Ritmos ultradianos: el ciclo de concentración de 90 minutos
Ciencia · 7 min de lectura
Los ritmos ultradianos son ciclos biológicos de menos de 24 horas. El más importante para la productividad es el Ciclo Básico de Descanso-Actividad (BRAC): una oscilación de unos 90 minutos entre alta y baja alerta que estructura tanto el sueño como la cognición en vigilia.
La conclusión práctica es simple: trabaja en bloques concentrados de unos 90 minutos y luego toma un descanso real de 15–20 minutos. Este patrón se popularizó en 2026 gracias a figuras como el neurocientífico Andrew Huberman, quien señala que tu cerebro puede mantener la concentración profunda durante unos 90 minutos antes de que empiecen a caer neuroquímicos clave.

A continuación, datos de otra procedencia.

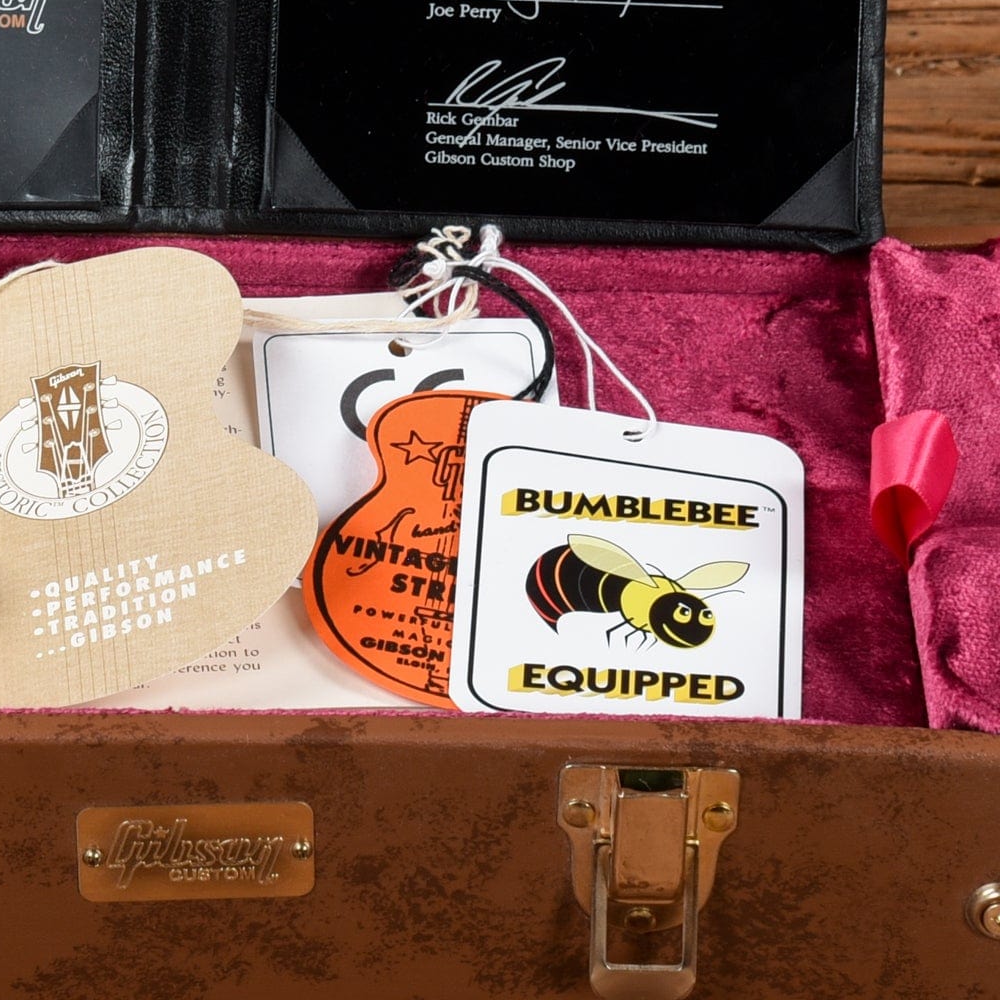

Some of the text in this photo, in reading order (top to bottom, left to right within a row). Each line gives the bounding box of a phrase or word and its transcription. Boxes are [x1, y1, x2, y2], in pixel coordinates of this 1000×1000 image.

Por qué 25 minutos puede ser demasiado corto
El cerebro tarda 10–20 minutos en alcanzar el compromiso total en una tarea compleja: el costoso "calentamiento" que hace tan dañino el cambio de contexto. Un bloque de 25 minutos puede darte solo 5–15 minutos de máximo rendimiento antes de que el temporizador interrumpa. Un bloque de 90 minutos te permite pasar el calentamiento y entrar en una concentración profunda real.
La fórmula práctica
- Bloque concentrado de 90 minutos (incluyendo una fase de calentamiento de ~10 minutos al inicio).

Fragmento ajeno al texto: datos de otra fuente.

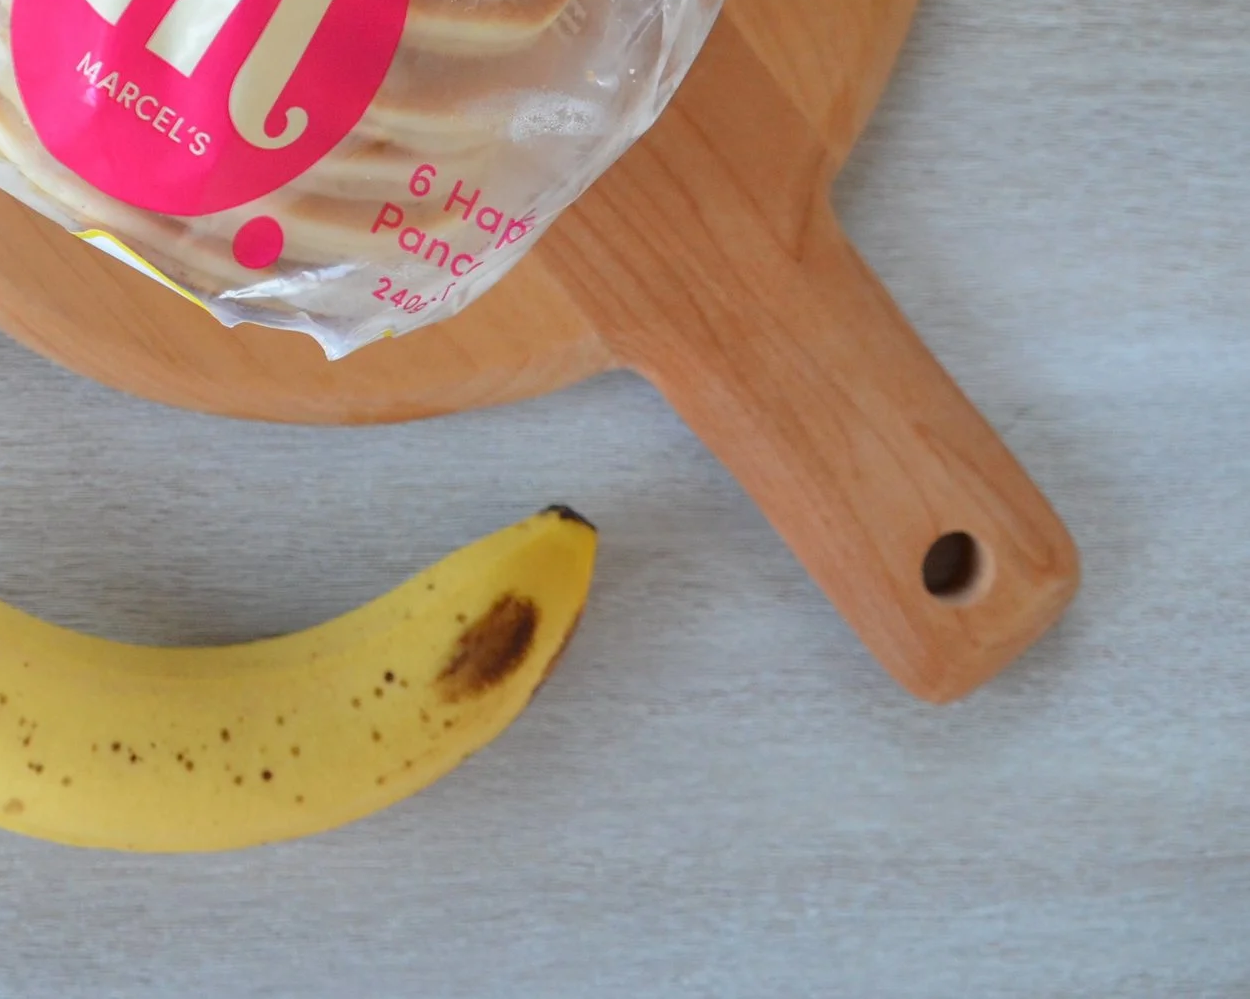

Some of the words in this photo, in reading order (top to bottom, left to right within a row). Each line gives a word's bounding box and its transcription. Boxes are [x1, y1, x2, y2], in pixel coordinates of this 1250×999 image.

[76, 51, 213, 156] MARCEL'S
[370, 202, 484, 277] Panc
[408, 163, 437, 197] 6
[443, 179, 536, 250] Hap

- Seguido de un descanso real de 15–20 minutos: movimiento, luz natural, agua, sin pantallas.
- Repite 3–4 ciclos al día; la mayoría llega a su límite en torno a 4 horas de trabajo profundo real.
- Programa tu trabajo más difícil en los ciclos 1 y 2 (mañana) y el trabajo más ligero después de comer.
- Evita los bloques de concentración en los últimos 90 minutos antes de dormir.
Escucha a tu cuerpo, no solo al reloj
Los 90 minutos son un promedio; los ciclos reales van de unos 80 a 120 minutos. Si estás en pleno flujo cuando suena el temporizador, extiéndelo 15–20 minutos y luego descansa. Pero si constantemente te pasas mucho de los 90 minutos sin descansar, notarás rendimientos decrecientes, más errores y fatiga creciente.
Si eres nuevo en los bloques largos, ve aumentándolos gradualmente. Empieza con lo que sientas manejable y amplía tu resistencia de concentración a lo largo de un par de semanas.